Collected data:
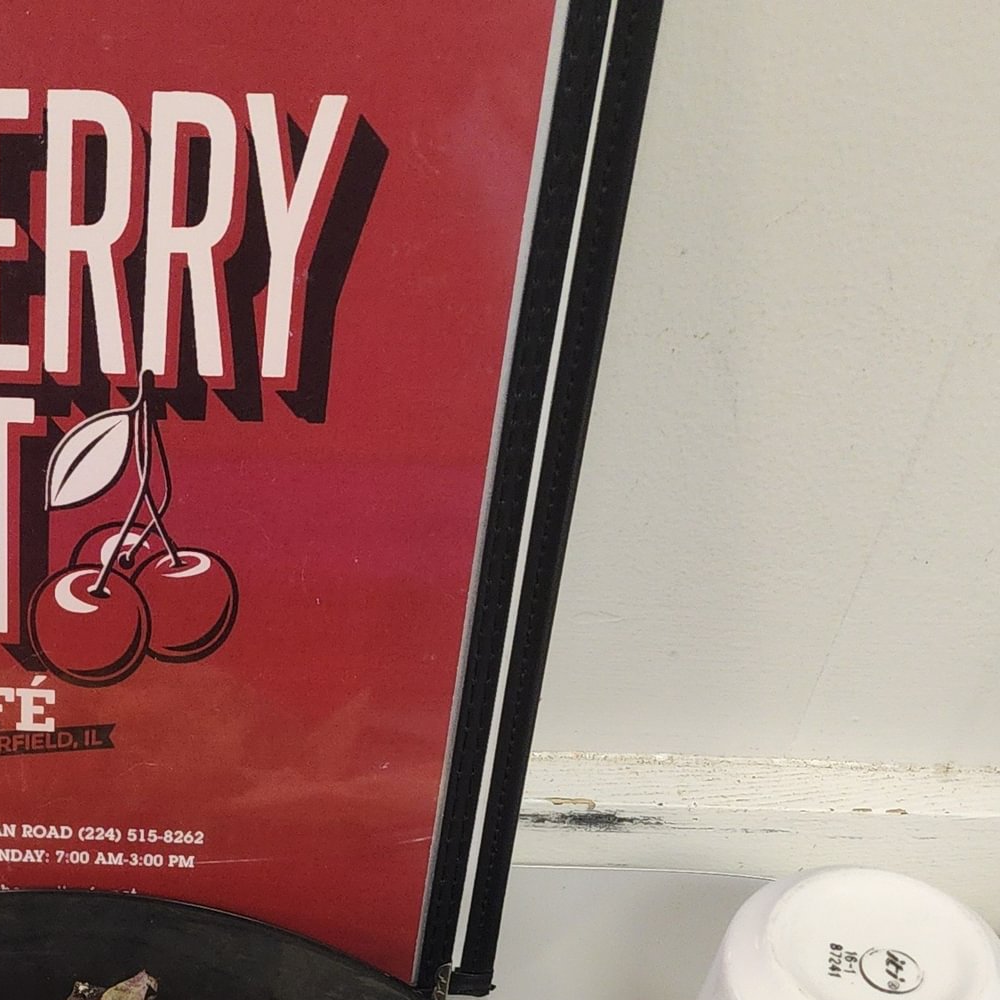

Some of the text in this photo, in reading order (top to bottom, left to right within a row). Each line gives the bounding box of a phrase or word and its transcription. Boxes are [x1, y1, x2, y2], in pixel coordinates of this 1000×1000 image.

[84, 729, 103, 747] IL
[21, 824, 73, 839] ROAD
[78, 826, 122, 843] (224)
[127, 829, 205, 845] 515-8262
[55, 850, 90, 865] 7:00
[94, 852, 164, 868] AM-3:00
[168, 854, 195, 869] PM
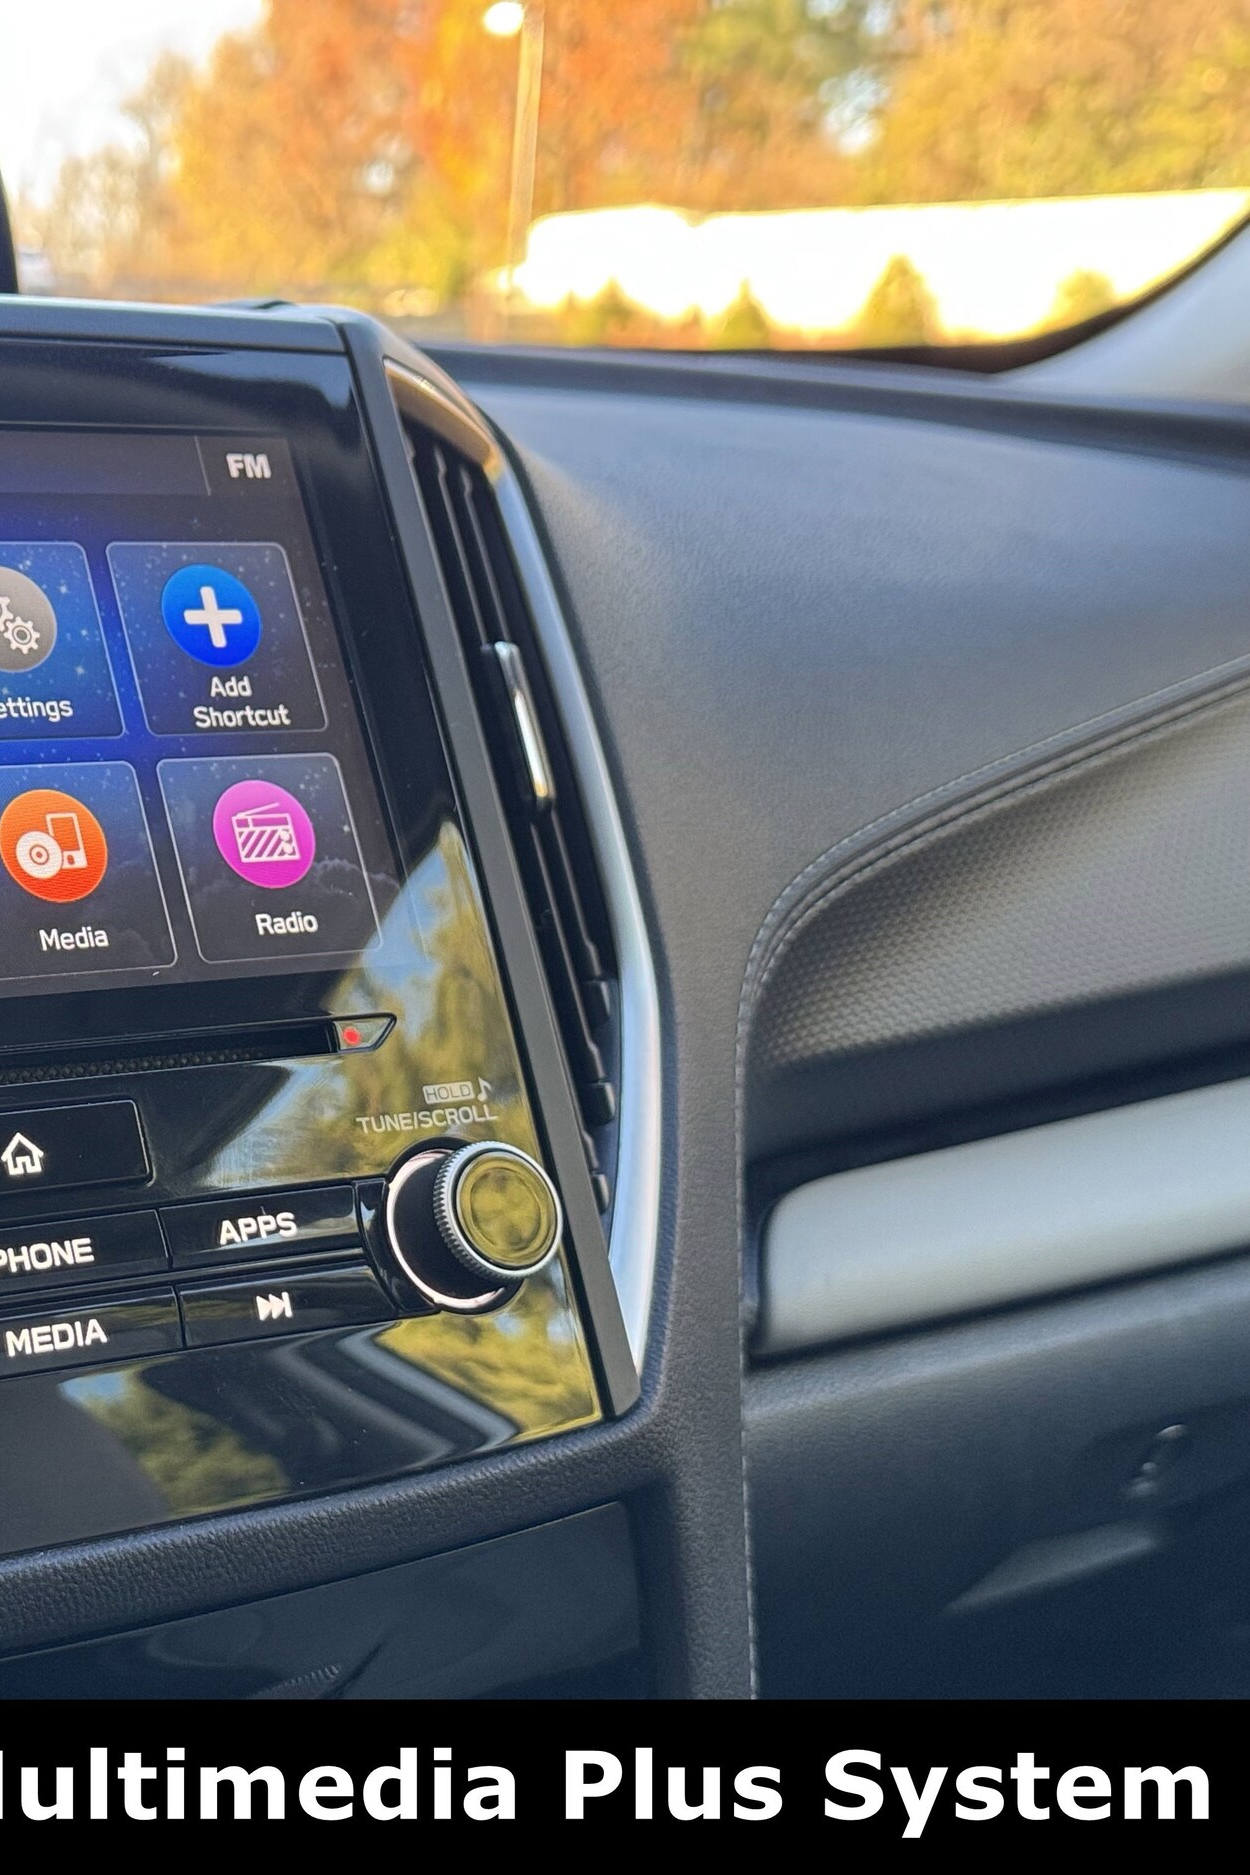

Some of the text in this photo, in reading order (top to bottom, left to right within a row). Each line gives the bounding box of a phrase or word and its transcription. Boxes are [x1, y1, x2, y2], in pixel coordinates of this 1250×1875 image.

[227, 453, 272, 479] FM
[210, 676, 252, 698] Add
[193, 704, 291, 730] Shortcut
[255, 911, 319, 936] Radio
[39, 926, 109, 951] Media
[425, 1084, 473, 1101] HOLD
[355, 1104, 498, 1134] TUNE/SCROLL
[219, 1212, 297, 1245] APPS
[5, 1319, 108, 1357] MEDIA
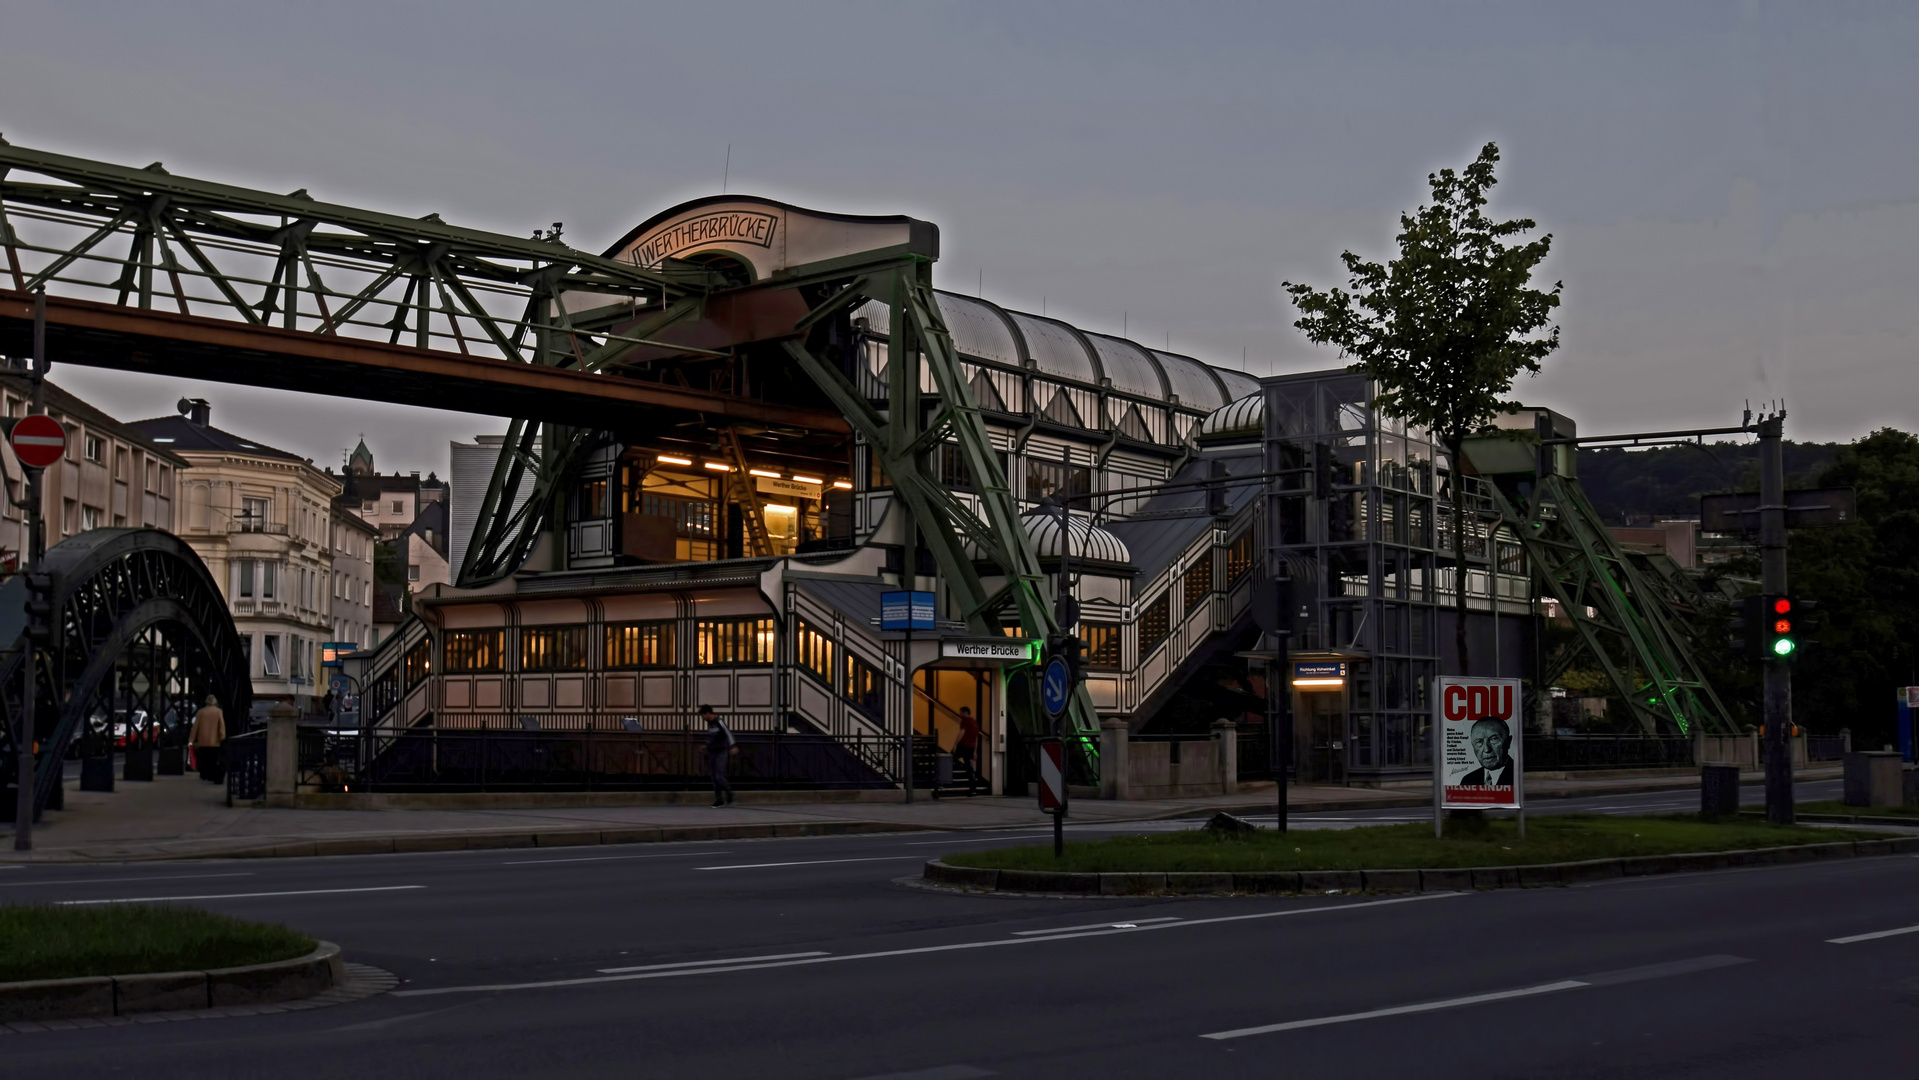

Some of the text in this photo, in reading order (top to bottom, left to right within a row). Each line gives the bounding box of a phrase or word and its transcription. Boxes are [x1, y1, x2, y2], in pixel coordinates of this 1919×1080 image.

**PROBLEM TO SOLVE**:
Repeat every line of the data above exactly, but drop the pictures.

**ANSWER TO THE PROBLEM**:
Some of the text in this photo, in reading order (top to bottom, left to right within a row). Each line gives the bounding box of a phrase or word and its transcription. Boxes are [x1, y1, x2, y2], in pixel coordinates of this 1000×1000 image.

[84, 729, 103, 747] IL
[21, 824, 73, 839] ROAD
[78, 826, 122, 843] (224)
[127, 829, 205, 845] 515-8262
[55, 850, 90, 865] 7:00
[94, 852, 164, 868] AM-3:00
[168, 854, 195, 869] PM

Some of the text in this photo, in reading order (top to bottom, left to right within a row). Each line gives the bounding box of a phrase or word and its transcription. Boxes are [x1, y1, x2, y2], in pixel coordinates of this 1250×1875 image.

[227, 453, 272, 479] FM
[210, 676, 252, 698] Add
[193, 704, 291, 730] Shortcut
[255, 911, 319, 936] Radio
[39, 926, 109, 951] Media
[425, 1084, 473, 1101] HOLD
[355, 1104, 498, 1134] TUNE/SCROLL
[219, 1212, 297, 1245] APPS
[5, 1319, 108, 1357] MEDIA

Some of the text in this photo, in reading order (top to bottom, left to right within a row). Each line gives the bounding box of a phrase or word and its transcription. Boxes are [x1, y1, x2, y2], in pixel coordinates of this 1919×1080 image.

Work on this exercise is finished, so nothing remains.